For me, the defining point of Lolita is chapter 20. These are some of the most tense and suspenseful pages ever written. Humbert Humbert has wed Charlotte Haze, the titular Lolita’s mother, in a bid to get closer to her daughter. While he and his new wife are swimming at a local lake, Humbert describes how easily he could drown her and make it look like an accident. Ultimately, he does not.
Obviously, I did not want Humbert to murder Charlotte, because of the ramifications for Dolores. However, when I reached the point of Charlotte’s actual death, I felt incredibly cheated by the turn of events. Charlotte is accidentally hit by a car just after learning that her husband lusts after her daughter. Her death is immediate, tidily giving Humbert what he wants without needing to get his hands dirty. This frustrated me to no end, but it took me time to figure out exactly why.

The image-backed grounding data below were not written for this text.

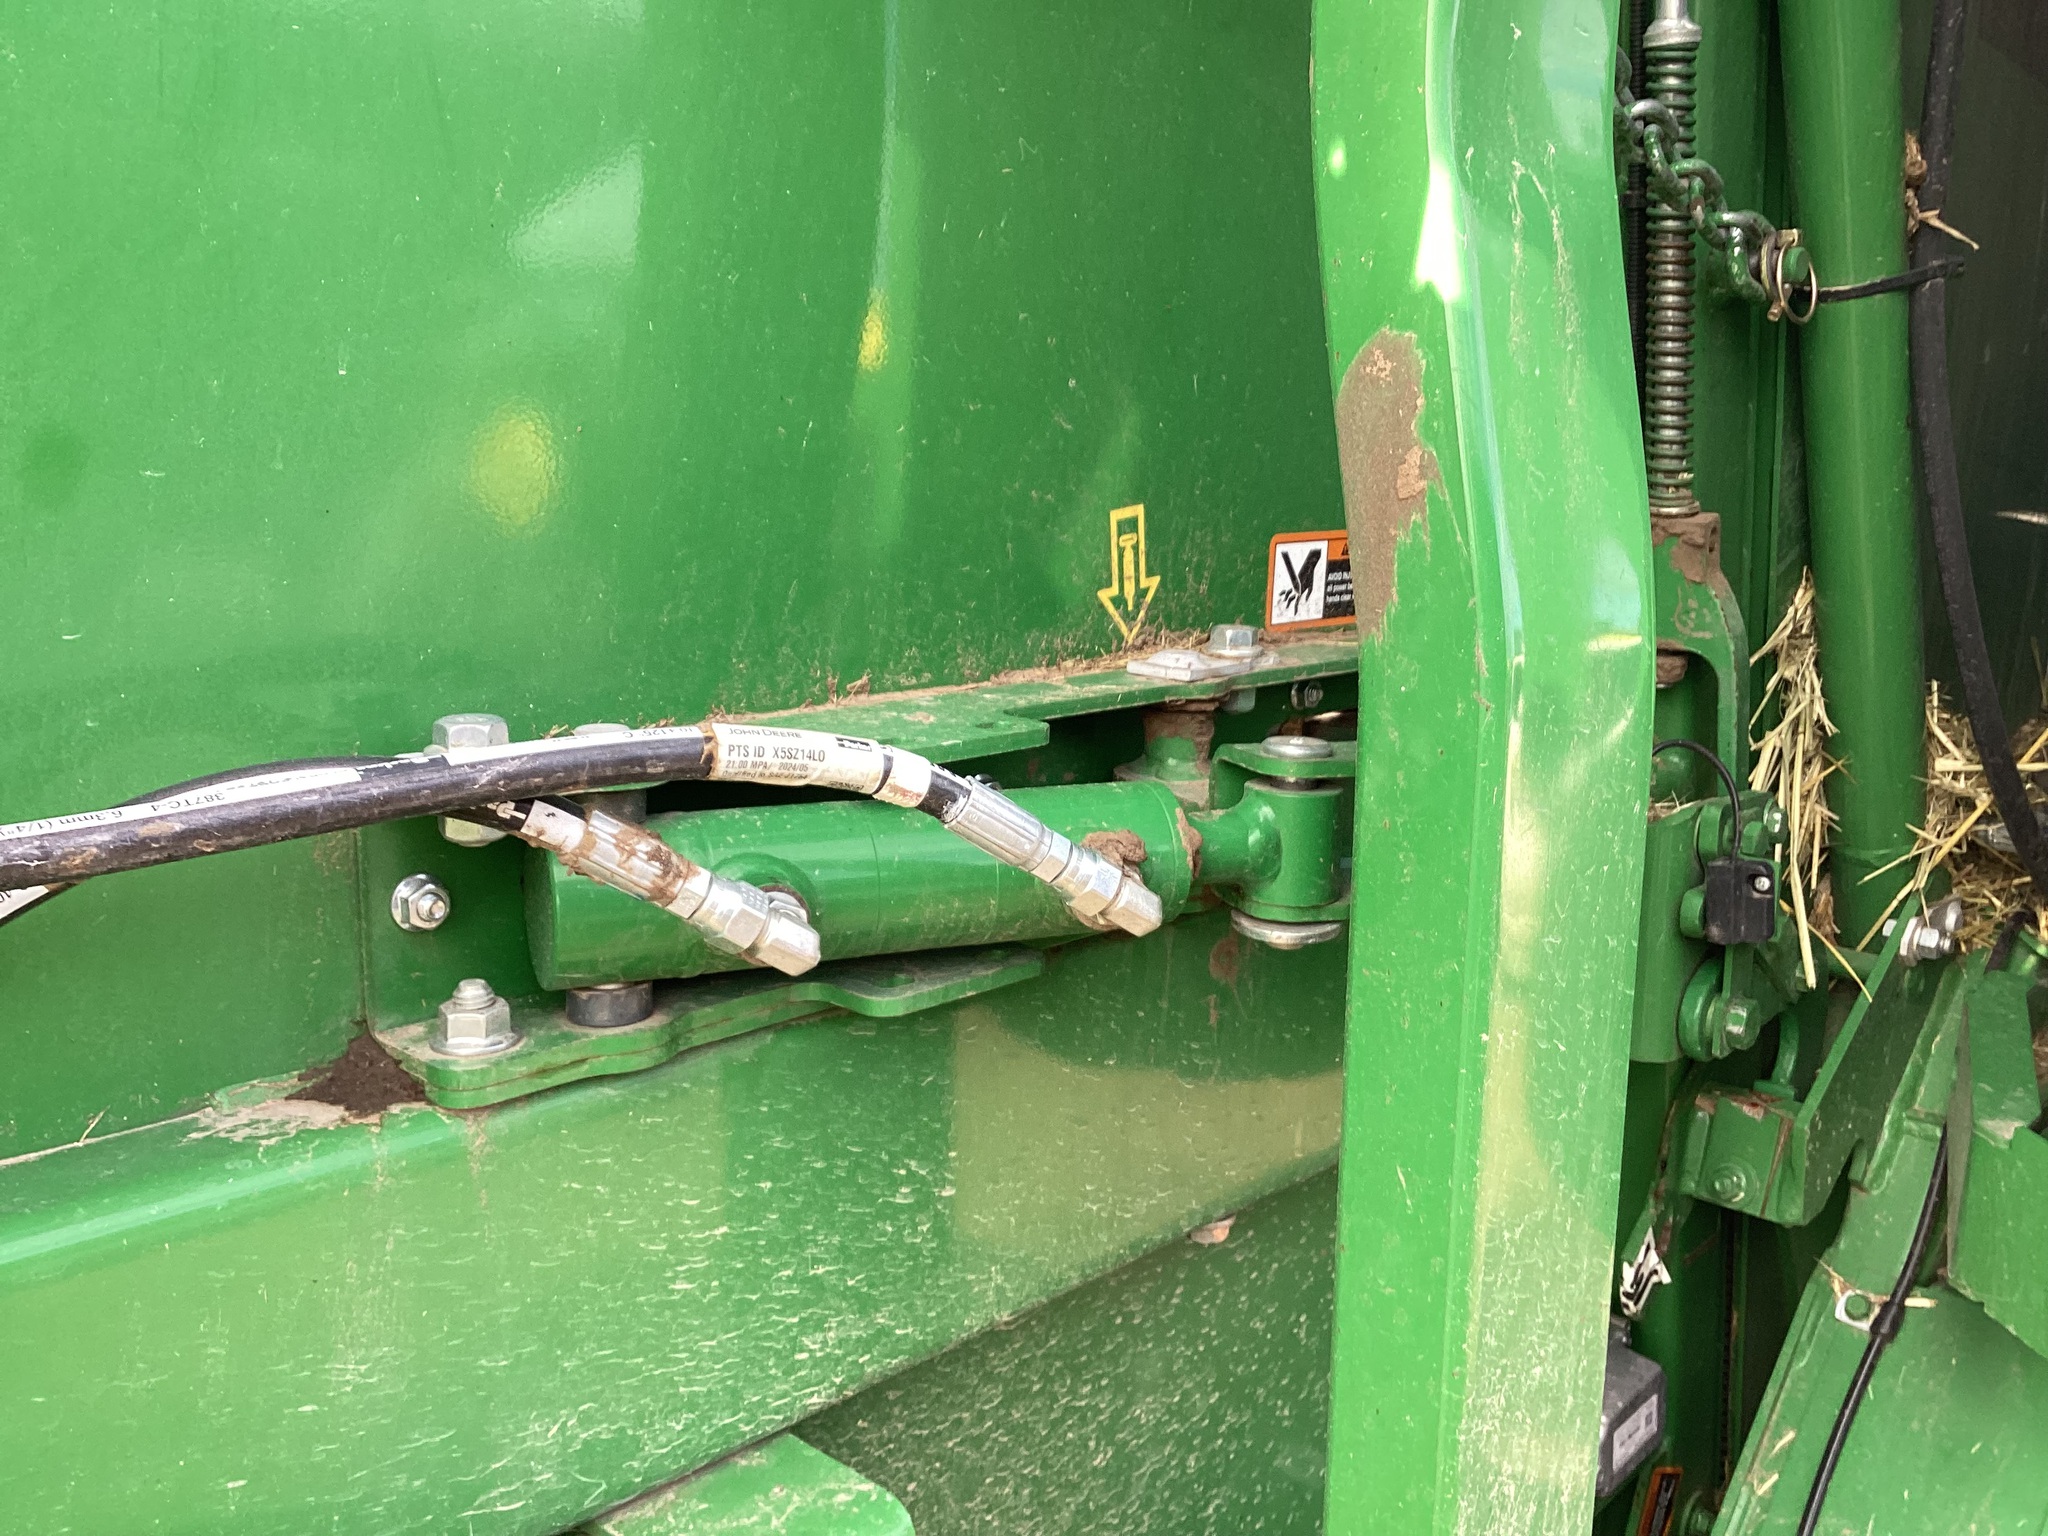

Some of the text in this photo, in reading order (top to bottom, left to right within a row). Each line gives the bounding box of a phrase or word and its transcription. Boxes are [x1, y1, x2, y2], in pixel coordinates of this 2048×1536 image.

[1327, 571, 1342, 581] AVOID
[1326, 594, 1339, 602] hands
[729, 728, 802, 739] JOHN DEERE
[728, 744, 750, 758] PTS
[753, 745, 766, 758] ID
[725, 759, 748, 769] 21.00
[778, 761, 809, 772] 2024/05
[150, 792, 226, 812] 387TC-4
[58, 808, 123, 825] 6.3mm

I went into the book knowing that the narrator would eventually possess his nymphette, I realize now that I wanted him to have to “work” for it more than he did. Humbert gets off easy; he’s too lucky. He needs a room to rent, and it just so happens that one is available in the home of his Lolita. Humbert debates killing Charlotte, but auspiciously chickens out, later discovering that a neighbor would have witnessed the murder. Then, when it feels like he will be trapped in a (to him) torturous marriage while Dolores is safely away at boarding school, Charlotte is conveniently removed from the picture. Humbert is now the legal guardian of his obsession. He is free to do with her as he pleases, under the guise of being a doting step-father. At no point is Humbert required to do anything more than marry Charlotte in his efforts to reach Dolores. This is a distasteful move for the narrator, but it is hardly suffering in the way that I desired.

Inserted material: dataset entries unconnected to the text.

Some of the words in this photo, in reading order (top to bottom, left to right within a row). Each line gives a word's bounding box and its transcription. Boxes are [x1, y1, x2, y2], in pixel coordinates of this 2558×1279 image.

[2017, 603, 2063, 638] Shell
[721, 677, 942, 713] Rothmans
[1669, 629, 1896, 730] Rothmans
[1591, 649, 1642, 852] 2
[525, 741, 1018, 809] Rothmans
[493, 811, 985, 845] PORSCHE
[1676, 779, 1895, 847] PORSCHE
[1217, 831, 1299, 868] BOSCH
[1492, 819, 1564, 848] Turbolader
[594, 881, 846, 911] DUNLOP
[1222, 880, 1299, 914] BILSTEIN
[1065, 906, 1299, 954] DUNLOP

It is unbearably unfair how easy it is for Humbert to have his Lolita. He is demonstrably a twisted individual, but manages to come across as living by a strange moral code. The thought of murder is distasteful. He prides himself in deriving sexual pleasure from Dolores without her knowledge, in his mind preserving her wholesomeness. It’s alarming how easy it is to become hypnotized by his language, to sympathize with his plight in some small way. I wanted him to be more overtly evil, to engage in more than one unforgivable crime. I needed him to take what he wanted by force because he is a terrible human being, not gifted his greatest desire by a quirk of fate.
But isn’t that life? Fate seems to shine on the wicked as often as it does the good. If karma exists, it sometimes takes longer to punish and reward than we prefer. Lolita perfectly embodies the feeling of unfairness that underscores our lives. It’s such an unexpected takeaway from an already unconventional book. Maybe this is why the novel has endured, despite the subject matter. For me this novel has little to do with lust. It’s a meditation on life as it is versus how we think it should be.